Patricia Highsmash
Waiting for the Racism
by Travis Hedge Coke
Listening to a podcast last night, the hosts commented that we, the reader of today, cannot read a 1930s or -40s comic and enjoy it. We can appreciate it, but not enjoy. Lies! I said to myself, possibly out loud. Heck, I can enjoy a comic twice that old and from cultures completely removed from me. Yer nit the bossameee! podcast people!
But, at the same time, even rereading, for example, W.O. Wilson’s Madge, the Magician’s Daughter, a 1906-07 newspaper comic which appeared often as the front page of the color Sunday funnies in the San Francisco Call, I am waiting for the racism I missed before or have forgotten. I am waiting for the bigot moment. For the penny to fall. For the other shoe to drop.

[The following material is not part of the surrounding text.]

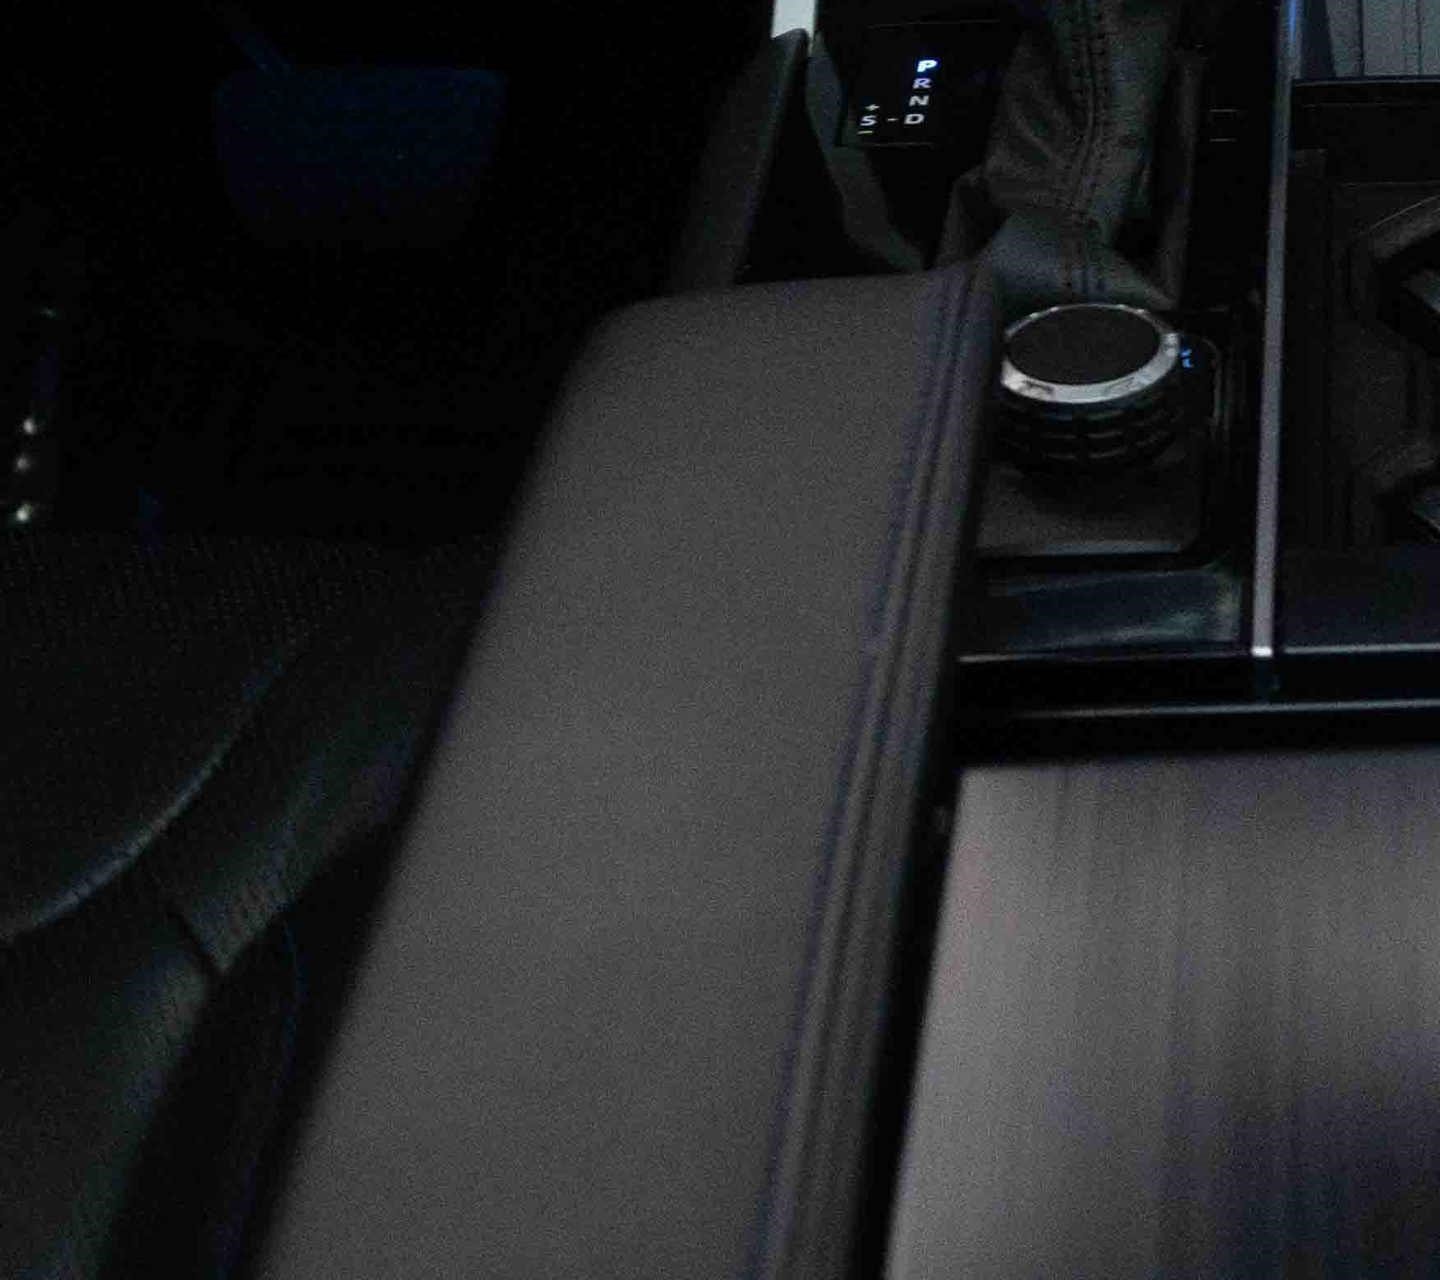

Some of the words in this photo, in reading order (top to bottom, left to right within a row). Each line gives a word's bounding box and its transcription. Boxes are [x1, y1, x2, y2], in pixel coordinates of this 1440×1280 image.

Wilson is much a mystery, though we know he emigrated to the United States from South Africa before the beginning of the Twentieth Century and produced a handful of very successful comics strips and then single panel cartoons for Life, Harper’s Weekly, and Judge. Sometimes a Sorcerer’s Apprentice type strip and sometimes an understated fantastical, Madge is a world in which big weird stuff happens and hardly anyone bats an eye. It is very pretty.
The magic in the comic is mostly just animals where you would not expect or animals doing funny things because they have personality and autonomy.
Yet, as my eye lingers on the elegant art, the funny stuff, the big magic, I wait for what will hurt. Because, if you do not prepare yourself ahead of time, it can sneak up on you, and it can hit hard.
Is it because he came from South Africa? Is it because he is an old white male cartoonist? Is it me?
There is no one motivator for caution. It is no modern phenomenon to know you can be burned by anyone, by any artist; any publisher. Anyone who puts creative work into the world, where you can access it, runs a chance of disappointing or shocking you, whether that is their intention – or concern – at all.
Rather than being a case of not knowing to be cautious, if we are hit unawares, it is more often that we were cautious in the wrong direction or we were focused on the wrong thing.
The best we are is the base of what we are: Human.